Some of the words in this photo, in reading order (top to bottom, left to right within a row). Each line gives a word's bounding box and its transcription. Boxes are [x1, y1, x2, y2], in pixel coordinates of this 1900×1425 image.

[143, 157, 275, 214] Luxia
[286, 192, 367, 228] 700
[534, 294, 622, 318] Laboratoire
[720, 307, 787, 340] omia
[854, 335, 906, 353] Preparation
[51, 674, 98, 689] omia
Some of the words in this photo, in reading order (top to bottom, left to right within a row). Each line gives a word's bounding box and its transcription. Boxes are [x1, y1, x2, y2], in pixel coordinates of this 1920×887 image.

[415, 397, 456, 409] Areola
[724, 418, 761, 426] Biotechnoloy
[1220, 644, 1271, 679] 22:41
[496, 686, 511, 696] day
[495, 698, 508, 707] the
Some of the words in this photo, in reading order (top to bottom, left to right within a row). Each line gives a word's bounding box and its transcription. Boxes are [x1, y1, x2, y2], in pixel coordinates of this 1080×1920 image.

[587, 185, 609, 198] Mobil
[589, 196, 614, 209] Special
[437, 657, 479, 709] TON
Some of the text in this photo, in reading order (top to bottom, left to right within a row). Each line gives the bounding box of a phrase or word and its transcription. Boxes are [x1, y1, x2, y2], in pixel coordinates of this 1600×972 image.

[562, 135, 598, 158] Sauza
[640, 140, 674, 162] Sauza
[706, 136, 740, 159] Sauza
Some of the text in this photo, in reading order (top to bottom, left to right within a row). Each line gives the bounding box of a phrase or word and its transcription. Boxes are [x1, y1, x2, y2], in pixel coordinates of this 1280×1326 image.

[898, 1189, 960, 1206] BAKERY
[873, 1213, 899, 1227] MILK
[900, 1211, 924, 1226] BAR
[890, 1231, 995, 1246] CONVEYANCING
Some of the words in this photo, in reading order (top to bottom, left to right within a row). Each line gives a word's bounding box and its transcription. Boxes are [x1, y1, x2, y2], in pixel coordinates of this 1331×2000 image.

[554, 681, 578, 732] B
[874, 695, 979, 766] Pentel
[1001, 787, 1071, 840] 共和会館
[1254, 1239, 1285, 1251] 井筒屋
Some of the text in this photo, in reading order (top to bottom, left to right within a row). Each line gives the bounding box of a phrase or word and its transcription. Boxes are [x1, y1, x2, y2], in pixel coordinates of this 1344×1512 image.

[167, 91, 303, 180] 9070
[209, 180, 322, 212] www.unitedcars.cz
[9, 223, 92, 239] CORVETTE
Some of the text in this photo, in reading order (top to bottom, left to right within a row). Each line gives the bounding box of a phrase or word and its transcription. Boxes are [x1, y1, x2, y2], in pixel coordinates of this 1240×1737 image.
━━━━
◆ **Exercise**: Exactly reproduce the entries in their entirety.

◆ **Exercise response**:
Some of the words in this photo, in reading order (top to bottom, left to right within a row). Each line gives a word's bounding box and its transcription. Boxes are [x1, y1, x2, y2], in pixel coordinates of this 1900×1425 image.

[143, 157, 275, 214] Luxia
[286, 192, 367, 228] 700
[534, 294, 622, 318] Laboratoire
[720, 307, 787, 340] omia
[854, 335, 906, 353] Preparation
[51, 674, 98, 689] omia
Some of the words in this photo, in reading order (top to bottom, left to right within a row). Each line gives a word's bounding box and its transcription. Boxes are [x1, y1, x2, y2], in pixel coordinates of this 1920×887 image.

[415, 397, 456, 409] Areola
[724, 418, 761, 426] Biotechnoloy
[1220, 644, 1271, 679] 22:41
[496, 686, 511, 696] day
[495, 698, 508, 707] the
Some of the words in this photo, in reading order (top to bottom, left to right within a row). Each line gives a word's bounding box and its transcription. Boxes are [x1, y1, x2, y2], in pixel coordinates of this 1080×1920 image.

[587, 185, 609, 198] Mobil
[589, 196, 614, 209] Special
[437, 657, 479, 709] TON
Some of the text in this photo, in reading order (top to bottom, left to right within a row). Each line gives the bounding box of a phrase or word and its transcription. Boxes are [x1, y1, x2, y2], in pixel coordinates of this 1600×972 image.

[562, 135, 598, 158] Sauza
[640, 140, 674, 162] Sauza
[706, 136, 740, 159] Sauza
Some of the text in this photo, in reading order (top to bottom, left to right within a row). Each line gives the bounding box of a phrase or word and its transcription. Boxes are [x1, y1, x2, y2], in pixel coordinates of this 1280×1326 image.

[898, 1189, 960, 1206] BAKERY
[873, 1213, 899, 1227] MILK
[900, 1211, 924, 1226] BAR
[890, 1231, 995, 1246] CONVEYANCING
Some of the words in this photo, in reading order (top to bottom, left to right within a row). Each line gives a word's bounding box and its transcription. Boxes are [x1, y1, x2, y2], in pixel coordinates of this 1331×2000 image.

[554, 681, 578, 732] B
[874, 695, 979, 766] Pentel
[1001, 787, 1071, 840] 共和会館
[1254, 1239, 1285, 1251] 井筒屋
Some of the text in this photo, in reading order (top to bottom, left to right within a row). Each line gives the bounding box of a phrase or word and its transcription. Boxes are [x1, y1, x2, y2], in pixel coordinates of this 1344×1512 image.

[167, 91, 303, 180] 9070
[209, 180, 322, 212] www.unitedcars.cz
[9, 223, 92, 239] CORVETTE
Some of the text in this photo, in reading order (top to bottom, left to right within a row). Each line gives the bounding box of a phrase or word and its transcription. Boxes are [x1, y1, x2, y2], in pixel coordinates of this 1240×1737 image.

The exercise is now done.